Today we went to a lovely party, given by dear friends.
They were wonderful and very loving...thanks Barbara and Warren.
They did everything to make us feel welcome.
I love you....Paul loves you!!
But it was an emotionally difficult day for me.
I am a mess....crushed.....there aren't words to describe my feelings.
I'm confused about how I feel....feelings are rushing in from all sides.
Sorrow...the deepest sorrow...would be the closest.
Sometimes I feel that if Paul had died then we could keep him intact. That the memory of who he was...all his pieces together....but if he had I wouldn't have seen this side of him. This is his most incredible side.
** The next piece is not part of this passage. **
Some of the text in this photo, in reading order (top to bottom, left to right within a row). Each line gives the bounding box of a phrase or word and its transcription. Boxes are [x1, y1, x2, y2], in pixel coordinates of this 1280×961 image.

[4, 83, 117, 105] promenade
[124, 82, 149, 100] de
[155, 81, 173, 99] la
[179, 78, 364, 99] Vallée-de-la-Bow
He is the bravest person I have ever known. Most people in his position would hide...they wouldn't put themselves out there...on display so to speak.
My heart breaks watching Paul as he sits and says 'when when when...when'.
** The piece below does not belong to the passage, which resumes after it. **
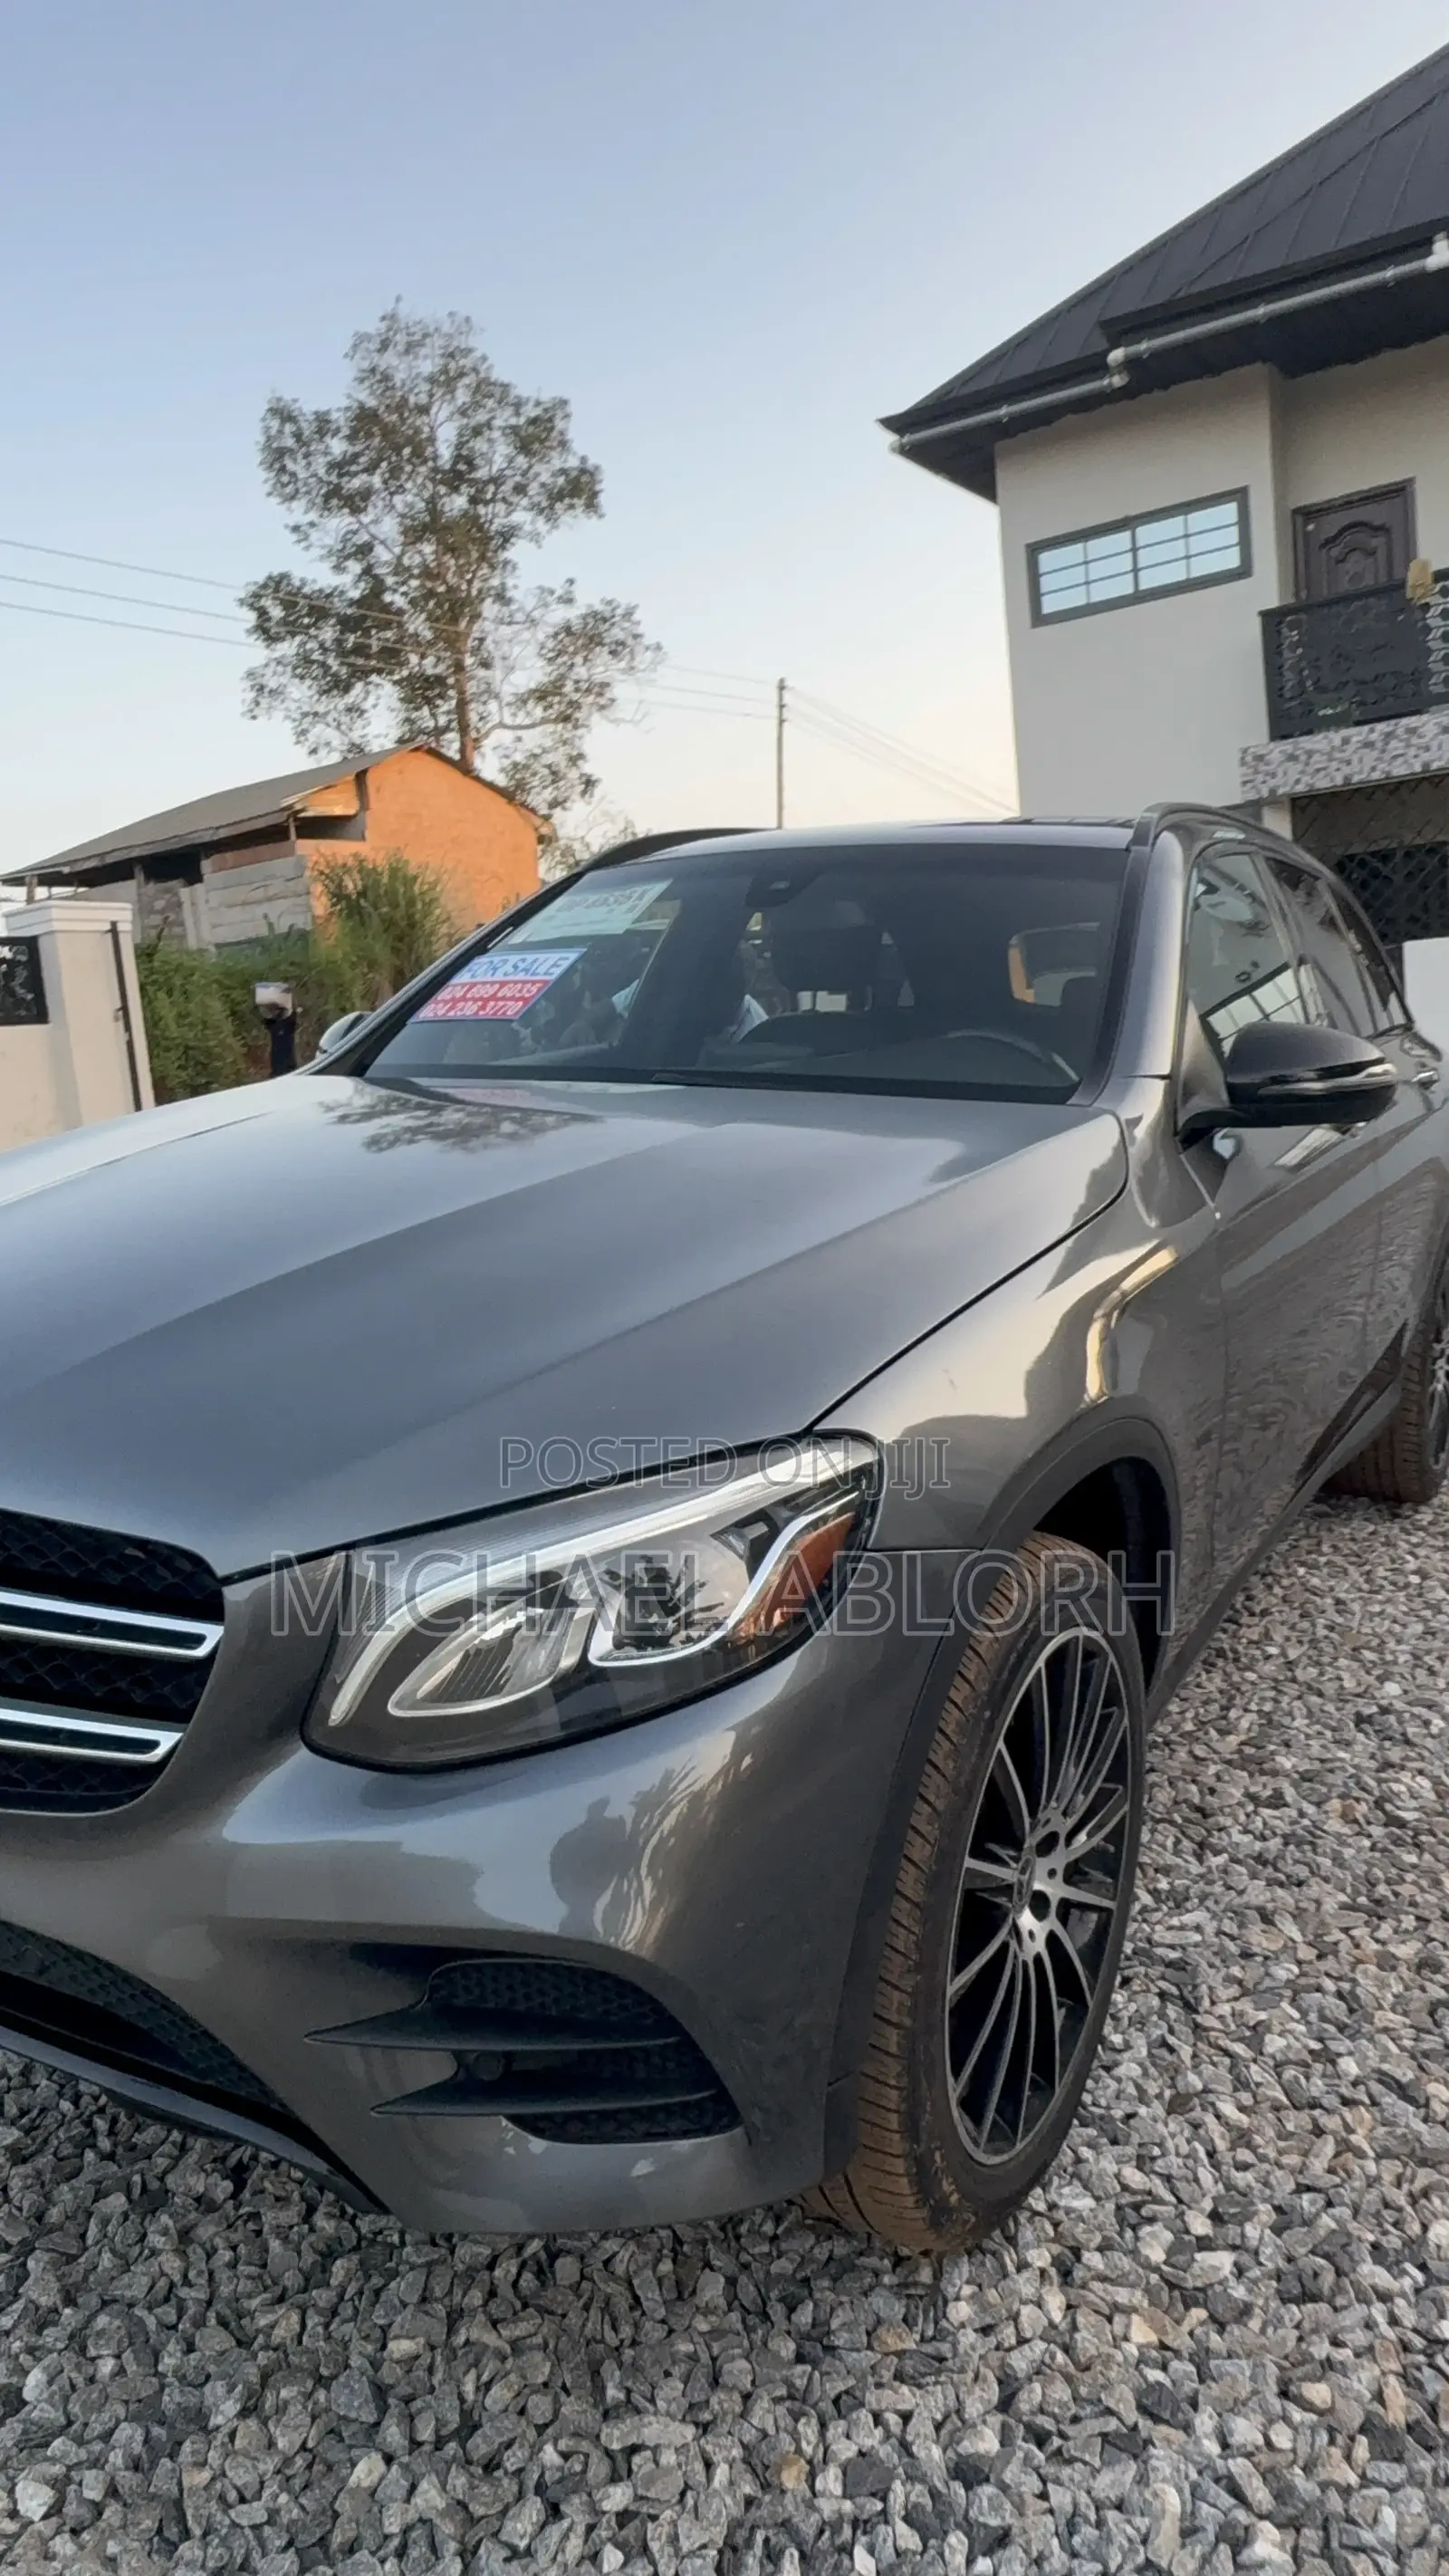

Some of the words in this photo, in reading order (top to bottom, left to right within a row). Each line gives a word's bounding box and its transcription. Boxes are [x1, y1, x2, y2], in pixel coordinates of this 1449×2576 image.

To everyone he is an old man that can't speak.....barely stumbles into a room...with much assistance. It is excruciating seeing him locked inside.
I want to yell...."he is brilliant...he has so many stories to tell....you'd love to know him".
But I don't know who to yell it to...
He sat and ate and listened....and he was so patient. I knew that he wanted me to have fun he wanted me to leave his side and talk to people and mingle.
But how could I dream of leaving him to face the next person to come up and try to talk to him....leaving them to stare at him in confusion...or worse....think he's an asshole that won't talk to them. Maybe that would have been better. We could have agreed to see how people would react to him. Maybe kept a chart....6 people kept talking....4 ignored him...3 people brought other people over....etc
This was the first time that we went to a gathering where people didn't know us...and I didn't want to keep telling everyone...."Paul had a sroke...he has aphasia & apraxia he can't read, write or speak....he understands what you are saying and if you ask him yes & no questions he can answer you.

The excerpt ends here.